* [Your task] Return all the entries word for word, minus the pictures.

* [Free-text object descriptions]
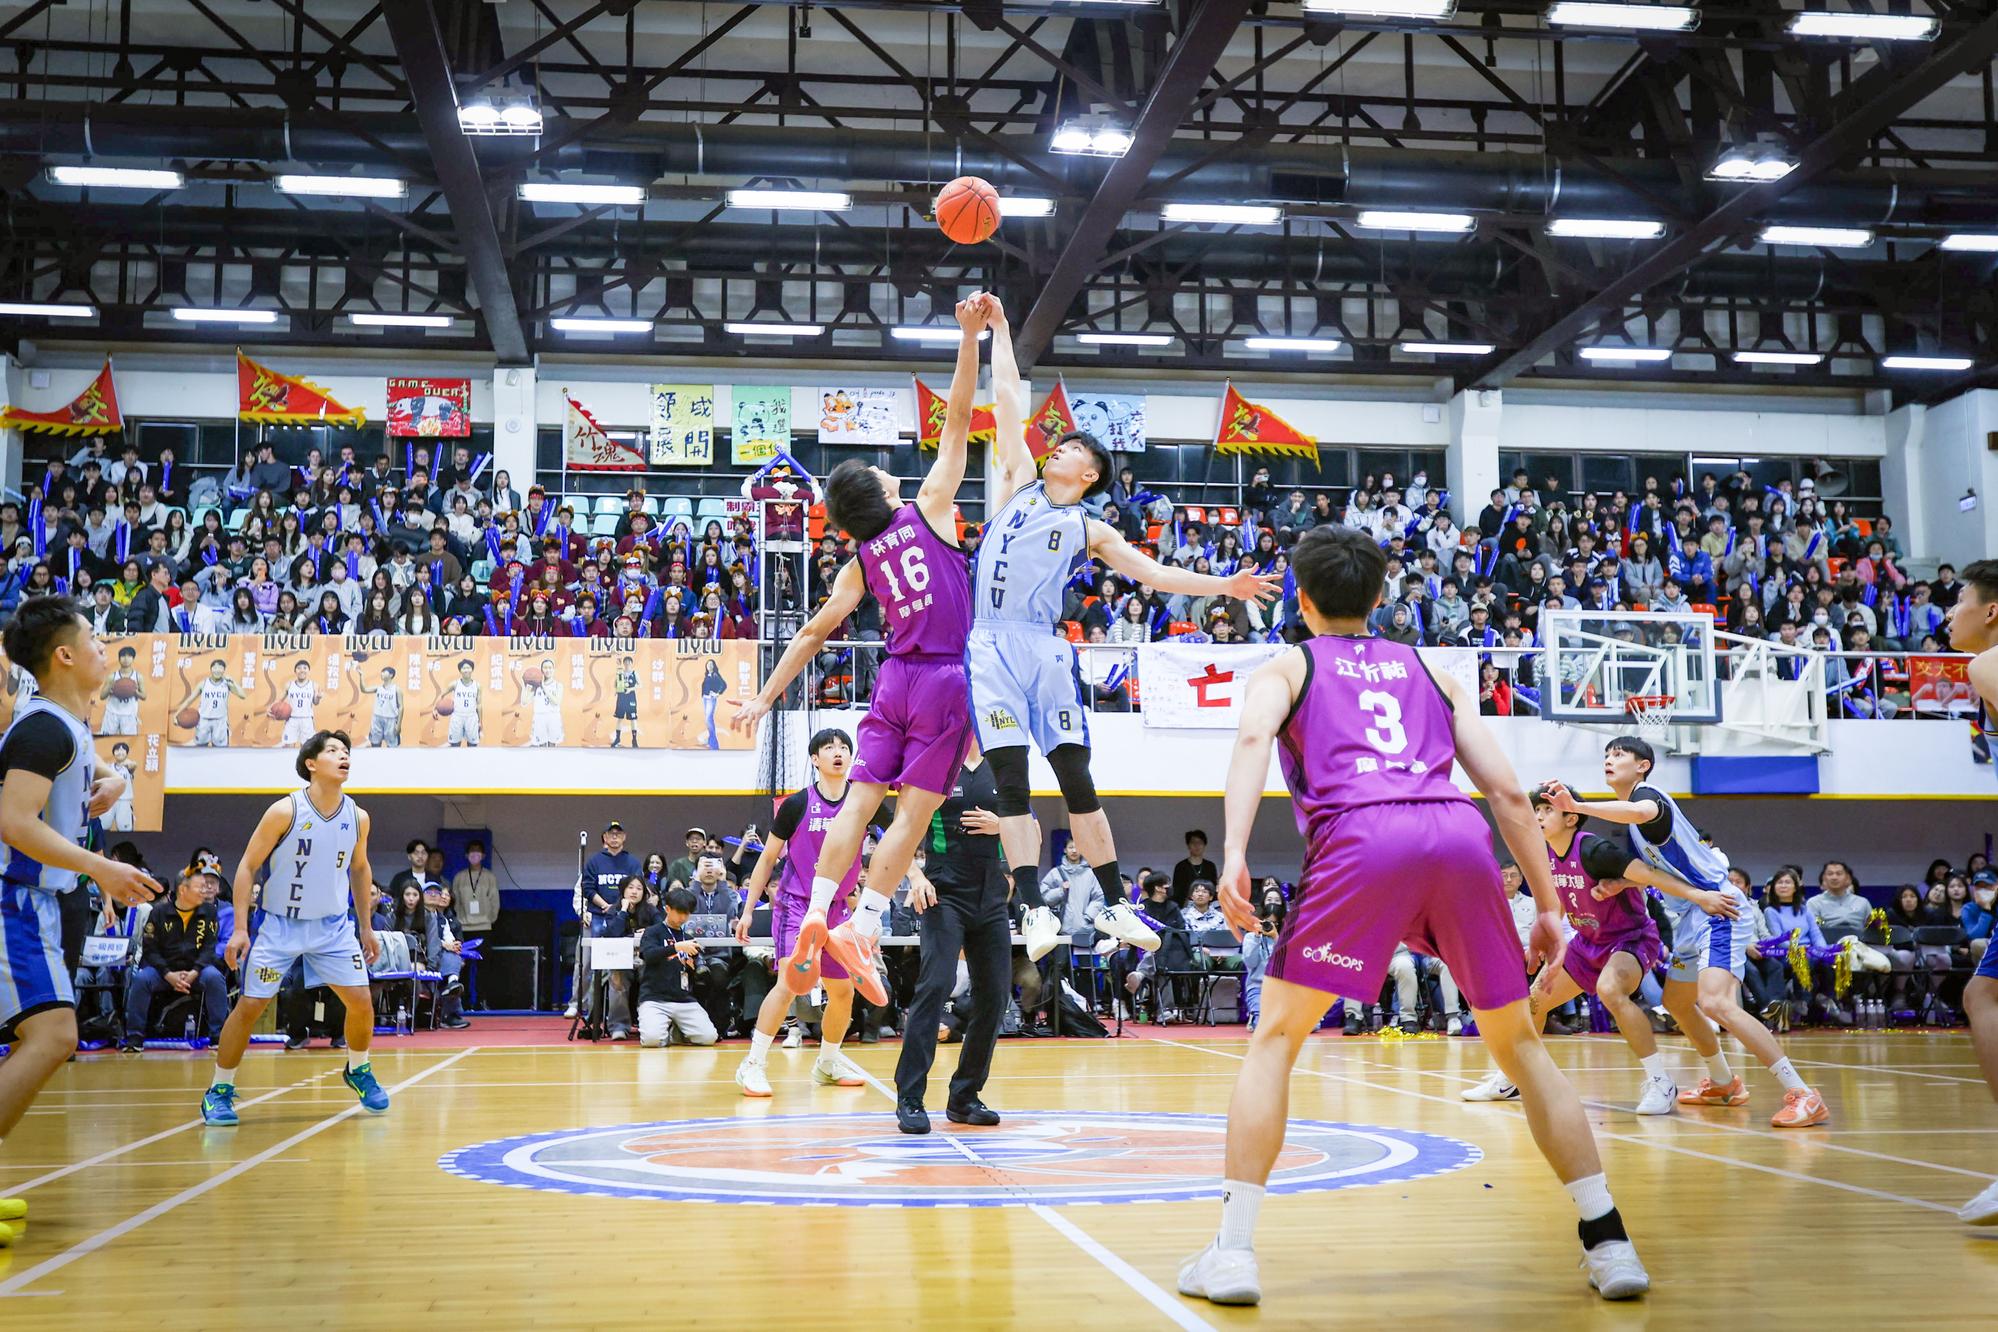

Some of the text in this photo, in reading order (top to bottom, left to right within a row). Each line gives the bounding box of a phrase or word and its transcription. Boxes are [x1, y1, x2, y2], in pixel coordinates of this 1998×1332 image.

[574, 426, 626, 464] 竹魂
[739, 443, 777, 457] 一個
[869, 524, 916, 557] 林育同
[1047, 530, 1062, 552] 8
[991, 509, 1028, 609] NYCU
[880, 546, 930, 602] 16
[178, 633, 228, 648] NYCU
[263, 635, 312, 650] NYCU
[345, 635, 392, 650] NYCU
[427, 636, 475, 651] NYCU
[509, 636, 556, 651] NYCU
[590, 637, 636, 652] NYCU
[677, 638, 723, 654] NYCU
[1915, 661, 1968, 679] 交大不
[1187, 663, 1234, 708] 亡
[1058, 711, 1072, 731] 8
[1358, 688, 1408, 754] 3
[336, 851, 346, 869] 5
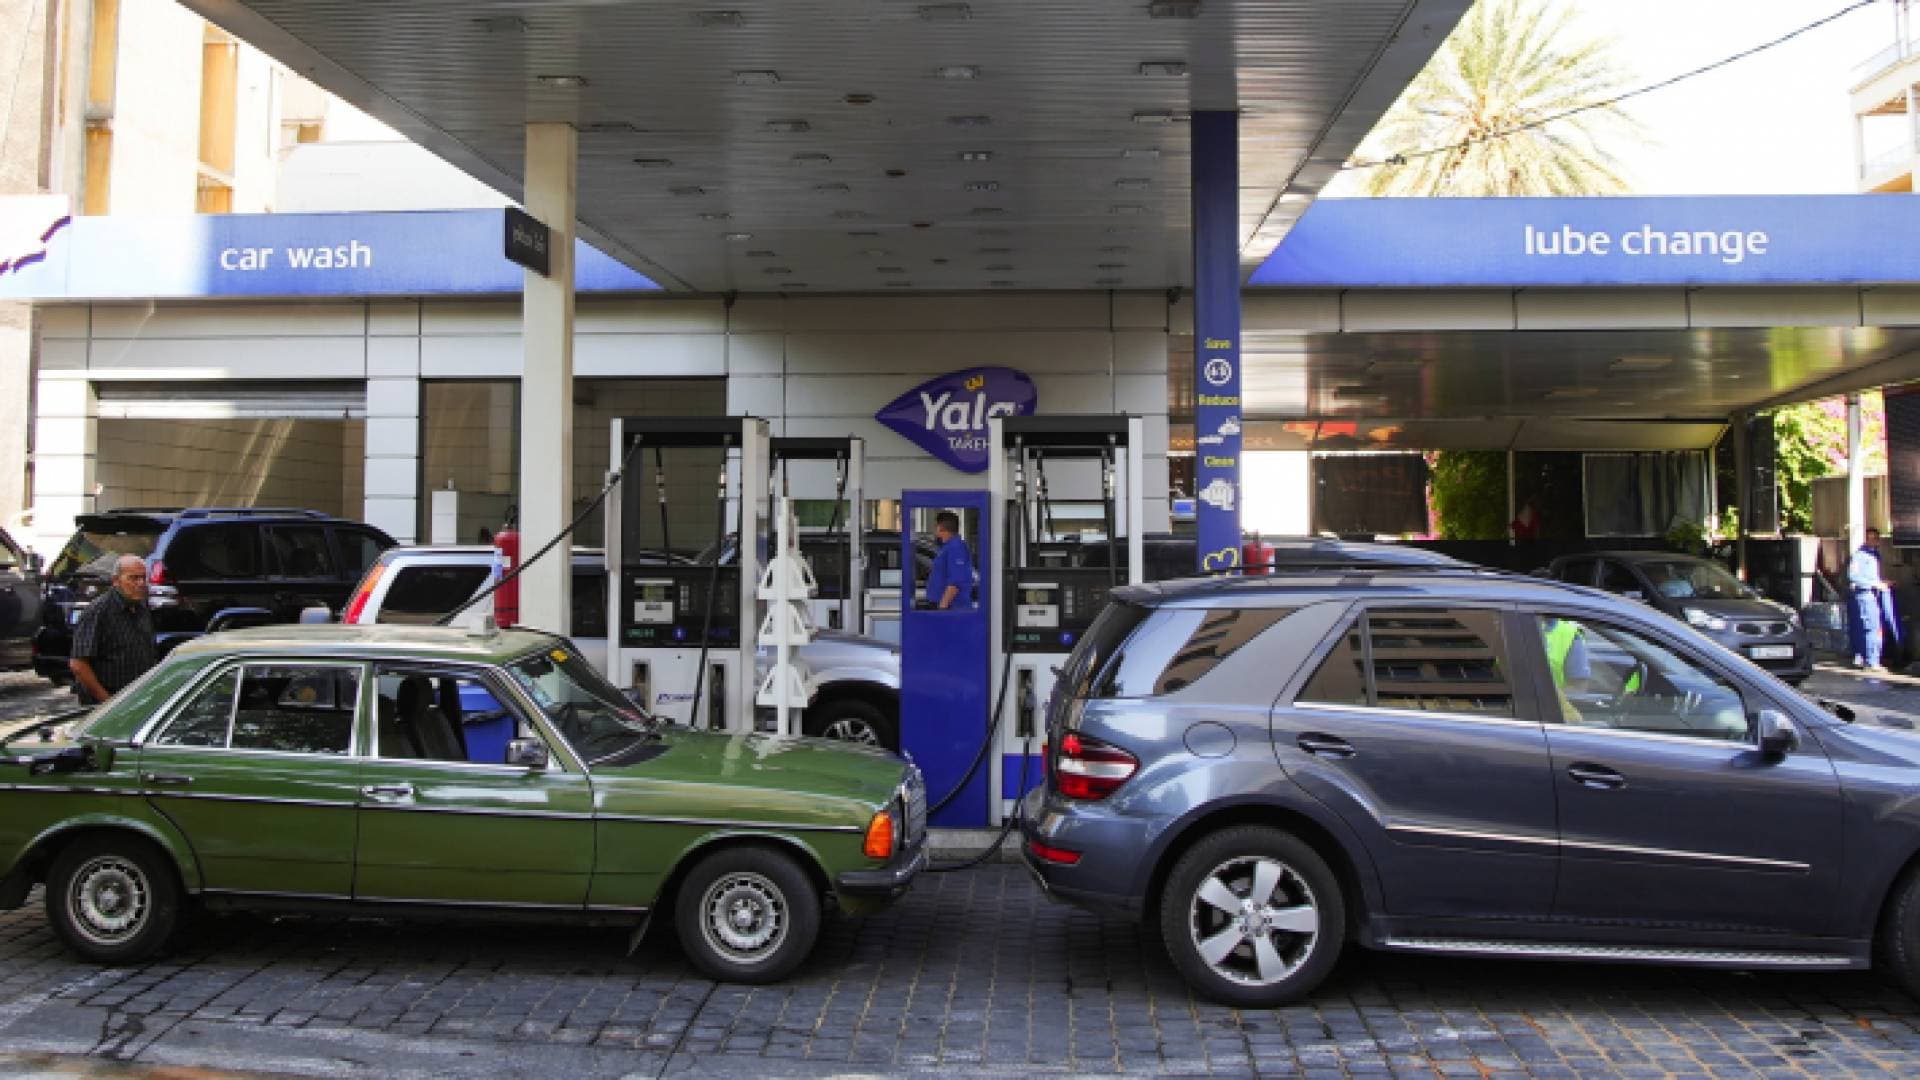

* [Solution for this task]
Some of the text in this photo, in reading order (top to bottom, left to right within a row). Each line gives the bounding box of a phrase or word and its transcription. Boxes are [x1, y1, x2, y2], in pixel coordinates of this 1998×1332 image.

[574, 426, 626, 464] 竹魂
[739, 443, 777, 457] 一個
[869, 524, 916, 557] 林育同
[1047, 530, 1062, 552] 8
[991, 509, 1028, 609] NYCU
[880, 546, 930, 602] 16
[178, 633, 228, 648] NYCU
[263, 635, 312, 650] NYCU
[345, 635, 392, 650] NYCU
[427, 636, 475, 651] NYCU
[509, 636, 556, 651] NYCU
[590, 637, 636, 652] NYCU
[677, 638, 723, 654] NYCU
[1915, 661, 1968, 679] 交大不
[1187, 663, 1234, 708] 亡
[1058, 711, 1072, 731] 8
[1358, 688, 1408, 754] 3
[336, 851, 346, 869] 5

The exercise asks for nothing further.